Insieme di pratiche, attività rituali, atteggiamenti, stati d’animo che caratterizzano un individuo o un gruppo sociale in seguito alla morte di una persona. L’etnologo francese R. Hertz, in un celebre saggio (Contribution à une étude sur les représentations collectives de la mort, 1907), affermò che lo stato del l. non è prodotto di emozioni ‘naturali’, bensì di rappresentazioni collettive. Questa argomentazione consente di rispondere al perché il l. sia vissuto in modo così diverso (per durata, intensità, rispetto delle norme) dalle varie società umane. I tabù che caratterizzano la condizione di l. e che ne controllano ritualmente la pericolosità simbolica sono spesso di natura alimentare. Altre volte, come avviene in numerose società rurali europee, si tratta di divieti che impediscono la preparazione stessa del cibo da parte dei più stretti parenti del morto e che, pertanto, mettono in atto un complesso circuito di scambio di prestazioni consolatorie. Emerge qui con chiarezza un aspetto importante del l. e dei riti funebri: il controllo dell’evento funesto della morte, della sua forza disgregante, e la necessità culturale di far fronte a tale forza, attraverso gesti, pratiche, credenze in grado di rielaborare il senso dell’esperienza individuale e sociale dei sopravvissuti, ritessendo nello stesso tempo le maglie stesse del tessuto sociale intaccate dall’evento della morte. Tra gli elementi rituali che segnalano la condizione di l., molto diffusi sono quelli connessi all’abbigliamento e all’acconciatura dei capelli.

Psicologia

Secondo Freud, alla morte di una persona cara avviene un tentativo, da parte dell’apparato psichico, di conservare l’oggetto perduto mediante un processo d’introiezione, per cui l’oggetto viene ‘incorporato’, e il soggetto effettua con esso una parziale identificazione. Ne conseguirebbe, da un lato, un rifluire sul soggetto dell’ostilità rimossa che questi poteva avere nutrito per l’oggetto, con addizionali sentimenti di colpa inerenti a tale ostilità; dall’altro un parziale ritiro delle cariche istintuali dagli oggetti esterni. Ciò spiegherebbe lo stato di depressione, e il disinteresse per il mondo esterno, tipici del l. normale ed esasperati nella depressione. Secondo M. Klein, nel l. il soggetto si sente privato, oltre che dell’oggetto esterno perduto, anche dei corrispondenti ‘oggetti interni’ rassicuranti, incorporati sin dall’infanzia; e, per converso, minacciato dal prevalere di ‘oggetti interni’ cattivi. Nel ‘lavoro del l.’ (Trauerarbeit) si effettuerebbe (Freud) una disidentificazione rispetto all’oggetto interiorizzato, e un riadattamento alla realtà. Secondo M. Klein, in tale processo si verifica anche un rinnovo di fiducia nei riguardi degli oggetti interni, che perdono a poco a poco la loro supposta pericolosità.

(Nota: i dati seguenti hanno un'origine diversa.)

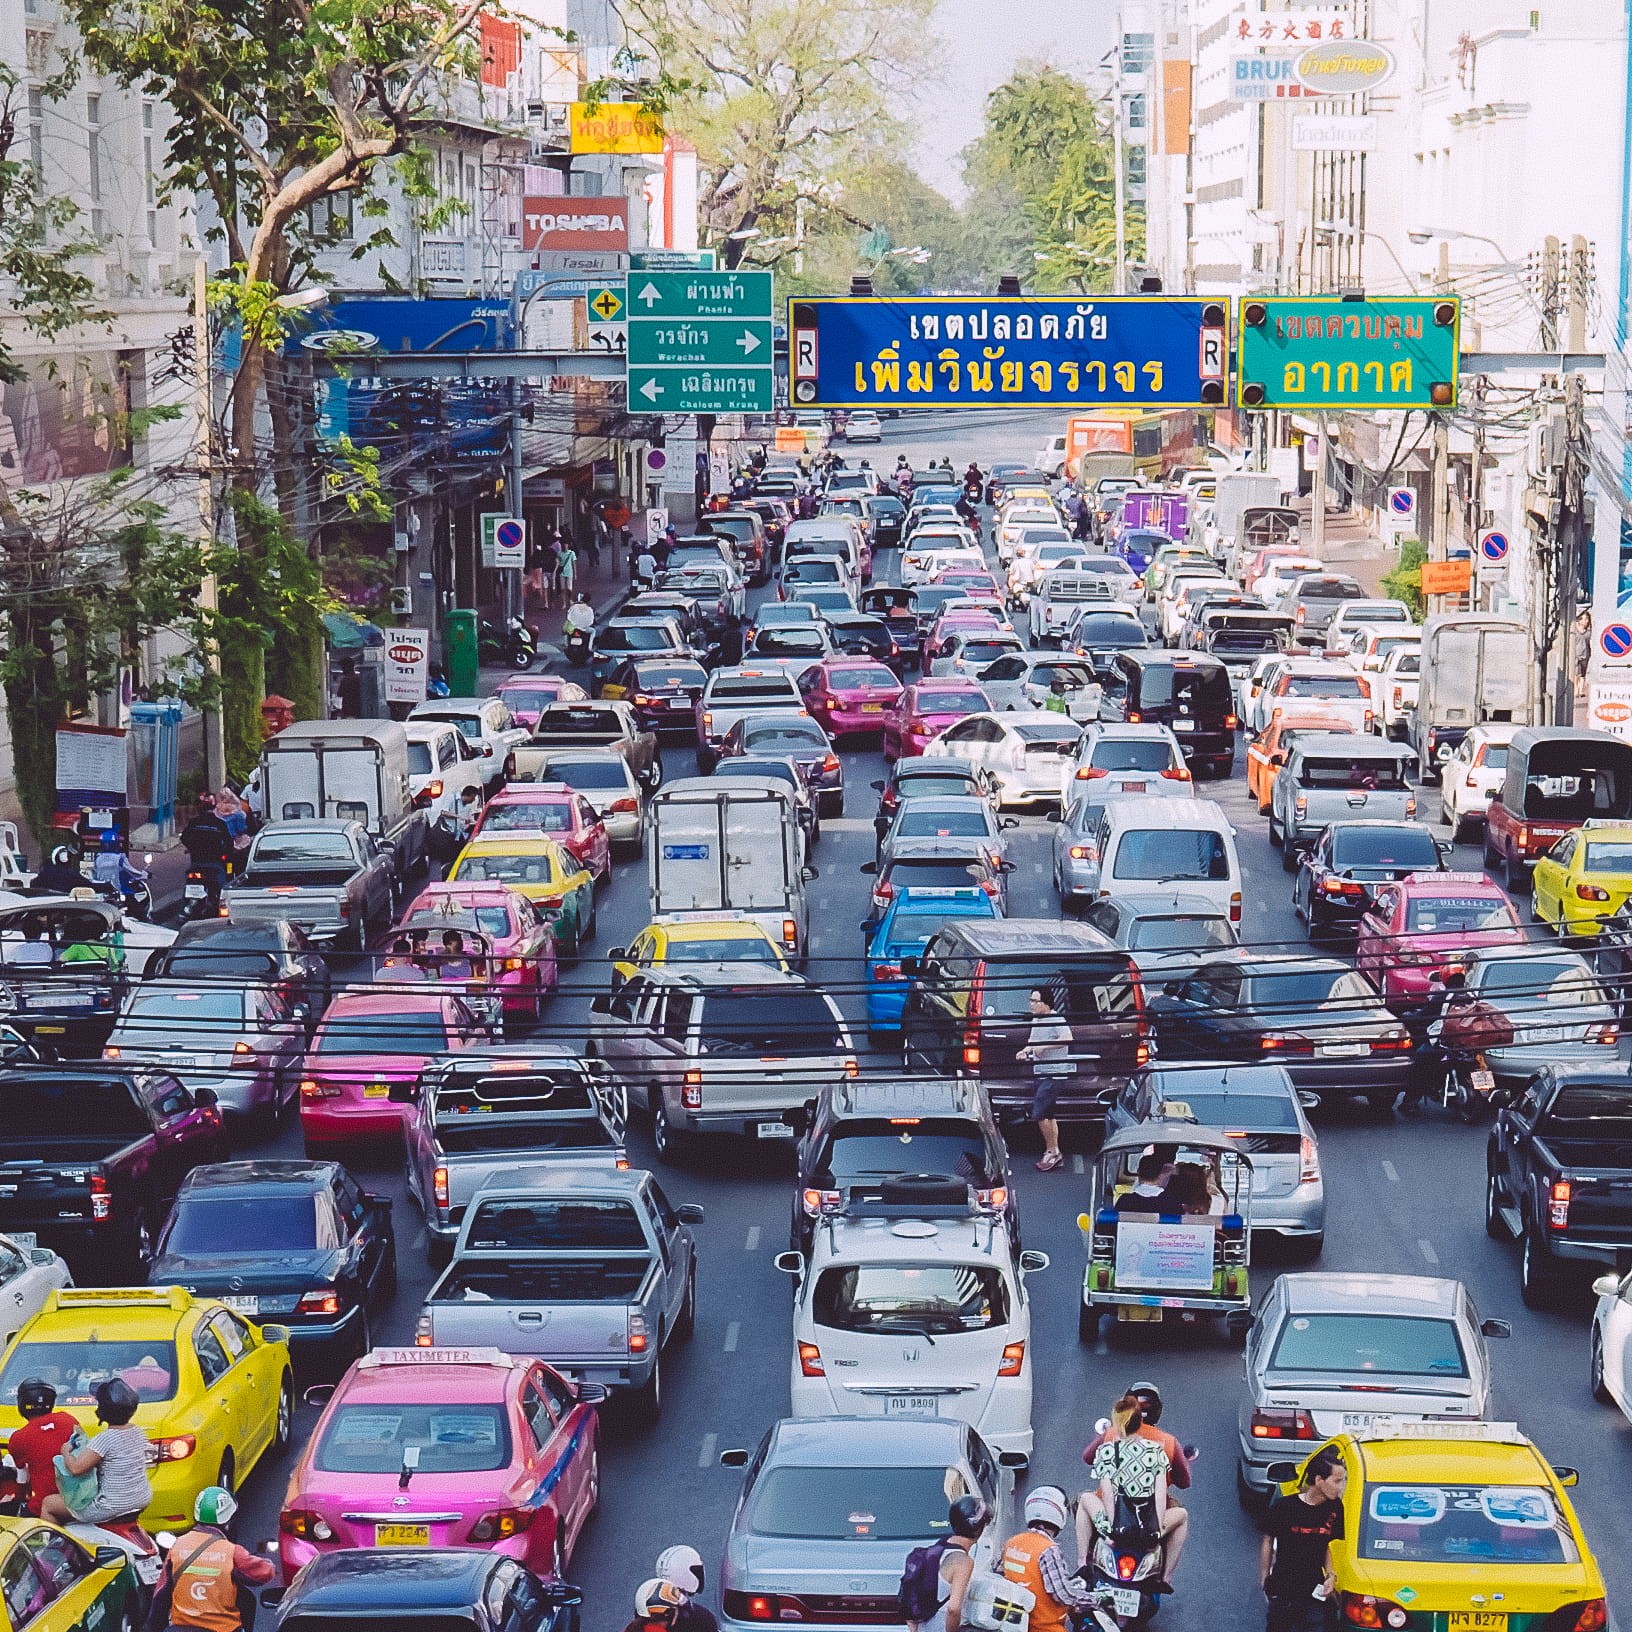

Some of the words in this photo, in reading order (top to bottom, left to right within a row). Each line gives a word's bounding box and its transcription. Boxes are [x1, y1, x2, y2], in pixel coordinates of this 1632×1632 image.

Il l. viene studiato nella dinamica delle situazioni patogene, delle reazioni depressive e di isolamento interiore. A un’esperienza di l. può conseguire una reazione maniacale, euforica, oppure una negazione. Mentre nello studio dell’esperienza depressiva si impone l’analogia con il l., non si può però affatto dire che la reazione depressiva si produca, dopo una situazione di l., come risposta obbligata. Nel depresso la situazione di l. è creata dal soggetto, come perdita immaginaria, complessuale e inconscia.